Desestructuremos el dato. El componente de Transporte se disparó en marzo al 5,3% anual, frente al 0,1% de enero, arrastrado por los combustibles. El epígrafe que recoge el gasto de las familias en los servicios básicos y los costes asociados a su vivienda habitual acumula un 3,7%. Salir se ha puesto imposible, con una subida de restaurantes y alojamientos del 4,7%. Y la inflación subyacente, la que excluye energía y alimentos frescos, la que refleja la presión de fondo sobre los precios, subió dos décimas hasta el 2,9%. Esta última cifra es la más incómoda para quien gobierna, porque no puede culparse al chivo del petróleo y el gas. Es la economía doméstica girando a demasiadas revoluciones.
El objetivo de inflación del BCE es el 2%. España lo supera en 1,4 puntos. La eurozona, en cambio, va convergiendo hacia ese umbral. El diferencial de inflación entre España y sus socios no es anecdótico; encarece nuestras exportaciones en términos reales, erosiona la competitividad y, sobre todo, devora en silencio lo que el crecimiento nominal prometa. Un PIB que crece al 2,2% mientras los precios suben al 3,4% no es crecimiento real, es pérdida de capacidad adquisitiva con etiqueta de éxito.

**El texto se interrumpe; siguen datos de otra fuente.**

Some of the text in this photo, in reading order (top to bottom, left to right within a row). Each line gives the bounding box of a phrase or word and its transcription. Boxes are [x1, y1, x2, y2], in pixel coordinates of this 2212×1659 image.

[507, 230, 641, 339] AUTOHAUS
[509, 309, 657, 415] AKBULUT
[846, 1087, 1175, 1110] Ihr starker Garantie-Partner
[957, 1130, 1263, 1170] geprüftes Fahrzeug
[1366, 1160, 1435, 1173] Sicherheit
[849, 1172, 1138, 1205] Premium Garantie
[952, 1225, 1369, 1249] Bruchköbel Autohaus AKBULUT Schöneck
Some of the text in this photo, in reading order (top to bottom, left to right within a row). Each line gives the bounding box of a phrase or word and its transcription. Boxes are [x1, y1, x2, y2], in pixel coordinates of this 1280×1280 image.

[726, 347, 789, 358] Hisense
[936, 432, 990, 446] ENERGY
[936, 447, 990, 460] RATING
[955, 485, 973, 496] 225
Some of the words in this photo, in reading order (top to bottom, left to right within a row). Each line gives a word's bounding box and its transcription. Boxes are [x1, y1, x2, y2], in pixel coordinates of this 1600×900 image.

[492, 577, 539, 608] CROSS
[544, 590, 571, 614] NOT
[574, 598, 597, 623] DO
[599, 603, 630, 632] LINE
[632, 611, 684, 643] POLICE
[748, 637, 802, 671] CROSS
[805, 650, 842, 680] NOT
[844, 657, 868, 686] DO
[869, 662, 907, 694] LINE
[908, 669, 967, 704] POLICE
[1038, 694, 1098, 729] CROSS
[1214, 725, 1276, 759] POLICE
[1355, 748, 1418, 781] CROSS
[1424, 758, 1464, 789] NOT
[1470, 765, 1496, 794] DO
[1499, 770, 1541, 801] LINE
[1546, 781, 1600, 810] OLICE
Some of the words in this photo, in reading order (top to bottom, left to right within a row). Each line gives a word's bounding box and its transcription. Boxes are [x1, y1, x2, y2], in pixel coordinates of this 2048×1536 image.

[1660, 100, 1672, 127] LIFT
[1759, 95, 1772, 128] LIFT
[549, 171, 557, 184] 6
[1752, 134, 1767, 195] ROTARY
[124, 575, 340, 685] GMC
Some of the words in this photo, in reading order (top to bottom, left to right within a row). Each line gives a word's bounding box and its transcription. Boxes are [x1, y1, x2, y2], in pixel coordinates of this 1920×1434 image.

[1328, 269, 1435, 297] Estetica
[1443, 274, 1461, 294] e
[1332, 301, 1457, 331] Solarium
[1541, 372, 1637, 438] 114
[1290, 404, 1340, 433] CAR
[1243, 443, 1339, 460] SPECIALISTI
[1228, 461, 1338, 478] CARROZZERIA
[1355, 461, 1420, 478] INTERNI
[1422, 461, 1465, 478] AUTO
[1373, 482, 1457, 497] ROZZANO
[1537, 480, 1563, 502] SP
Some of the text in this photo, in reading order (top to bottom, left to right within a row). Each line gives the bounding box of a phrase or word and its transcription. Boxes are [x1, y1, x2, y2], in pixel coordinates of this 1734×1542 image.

El Gobierno tiene su propia explicación: la fortaleza de la demanda es señal de salud económica. Es cierto, en parte. Pero hay un mecanismo que los gestores públicos prefieren no nombrar, y es que cuando el sector público gasta por encima de sus ingresos, como lo hace España desde hace veinte años, con una deuda que sigue en el 100,7% del PIB y que aquí hemos denunciado, inyecta demanda en la economía que el sector privado no ha generado. Esa demanda adicional empuja los precios hacia arriba. El gasto público puede comprar actividad a corto plazo; lo que no puede hacer es comprarse inflación gratis. Alguien paga la factura, y ese alguien es el consumidor que va al supermercado.
La subida de salarios, que en 2025 superó el 4% de media según la negociación colectiva, ha preservado el poder adquisitivo de muchos trabajadores. Pero esa misma subida, sin el acompañamiento de mejoras de productividad, se traslada a costes empresariales que acaban en precios. El círculo se cierra solo.
Nada de esto aparece en el relato oficial. El Gobierno mide el éxito por el PIB, el empleo y el déficit, tres indicadores que hoy, en efecto, lucen bien en los titulares. La inflación se trata como un accidente climático, algo que llega de fuera y pasa solo. Pero el dato de marzo, publicado dos semanas después de que el Banco de España elevara sus previsiones de crecimiento, recuerda que el motor del consumo tiene temperatura. Y que los termómetros llevan meses en el rojo.
Esta es la pregunta que el Gobierno tendría que responder, y que nadie en el debate público parece dispuesto a formular: ¿cuántos meses de IPC al 3,4% necesitamos ver antes de aceptar que el modelo de crecimiento tiene un problema de precios?